* TRY IT
Copy out every line of the data exactly.

Text-to-region grounding data:
[Start of section]

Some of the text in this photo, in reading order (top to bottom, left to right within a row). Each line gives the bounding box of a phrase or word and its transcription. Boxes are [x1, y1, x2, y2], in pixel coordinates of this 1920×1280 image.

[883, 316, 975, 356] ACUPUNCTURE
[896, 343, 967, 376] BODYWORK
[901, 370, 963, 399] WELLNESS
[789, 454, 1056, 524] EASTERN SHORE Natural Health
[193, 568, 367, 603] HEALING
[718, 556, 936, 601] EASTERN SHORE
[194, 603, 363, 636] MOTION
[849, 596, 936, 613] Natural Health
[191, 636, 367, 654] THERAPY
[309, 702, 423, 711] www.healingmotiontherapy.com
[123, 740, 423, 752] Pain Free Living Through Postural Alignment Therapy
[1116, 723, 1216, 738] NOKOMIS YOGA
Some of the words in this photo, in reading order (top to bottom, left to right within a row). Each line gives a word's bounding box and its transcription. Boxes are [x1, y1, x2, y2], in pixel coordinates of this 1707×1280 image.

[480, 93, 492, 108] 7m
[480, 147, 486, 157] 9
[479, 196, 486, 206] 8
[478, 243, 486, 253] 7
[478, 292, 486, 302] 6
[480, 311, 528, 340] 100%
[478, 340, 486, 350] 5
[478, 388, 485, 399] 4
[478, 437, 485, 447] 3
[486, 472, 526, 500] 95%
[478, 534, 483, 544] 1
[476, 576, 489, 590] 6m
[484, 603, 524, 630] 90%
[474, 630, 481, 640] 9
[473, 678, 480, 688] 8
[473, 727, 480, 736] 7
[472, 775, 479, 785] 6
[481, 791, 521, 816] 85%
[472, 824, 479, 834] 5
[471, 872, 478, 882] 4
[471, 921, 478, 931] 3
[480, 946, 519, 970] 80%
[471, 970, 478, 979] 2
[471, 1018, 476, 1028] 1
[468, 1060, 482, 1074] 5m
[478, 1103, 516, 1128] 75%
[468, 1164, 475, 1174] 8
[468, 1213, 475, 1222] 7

[End of section]

* WRITTEN REPLY
Some of the text in this photo, in reading order (top to bottom, left to right within a row). Each line gives the bounding box of a phrase or word and its transcription. Boxes are [x1, y1, x2, y2], in pixel coordinates of this 1920×1280 image.

[883, 316, 975, 356] ACUPUNCTURE
[896, 343, 967, 376] BODYWORK
[901, 370, 963, 399] WELLNESS
[789, 454, 1056, 524] EASTERN SHORE Natural Health
[193, 568, 367, 603] HEALING
[718, 556, 936, 601] EASTERN SHORE
[194, 603, 363, 636] MOTION
[849, 596, 936, 613] Natural Health
[191, 636, 367, 654] THERAPY
[309, 702, 423, 711] www.healingmotiontherapy.com
[123, 740, 423, 752] Pain Free Living Through Postural Alignment Therapy
[1116, 723, 1216, 738] NOKOMIS YOGA
Some of the words in this photo, in reading order (top to bottom, left to right within a row). Each line gives a word's bounding box and its transcription. Boxes are [x1, y1, x2, y2], in pixel coordinates of this 1707×1280 image.

[480, 93, 492, 108] 7m
[480, 147, 486, 157] 9
[479, 196, 486, 206] 8
[478, 243, 486, 253] 7
[478, 292, 486, 302] 6
[480, 311, 528, 340] 100%
[478, 340, 486, 350] 5
[478, 388, 485, 399] 4
[478, 437, 485, 447] 3
[486, 472, 526, 500] 95%
[478, 534, 483, 544] 1
[476, 576, 489, 590] 6m
[484, 603, 524, 630] 90%
[474, 630, 481, 640] 9
[473, 678, 480, 688] 8
[473, 727, 480, 736] 7
[472, 775, 479, 785] 6
[481, 791, 521, 816] 85%
[472, 824, 479, 834] 5
[471, 872, 478, 882] 4
[471, 921, 478, 931] 3
[480, 946, 519, 970] 80%
[471, 970, 478, 979] 2
[471, 1018, 476, 1028] 1
[468, 1060, 482, 1074] 5m
[478, 1103, 516, 1128] 75%
[468, 1164, 475, 1174] 8
[468, 1213, 475, 1222] 7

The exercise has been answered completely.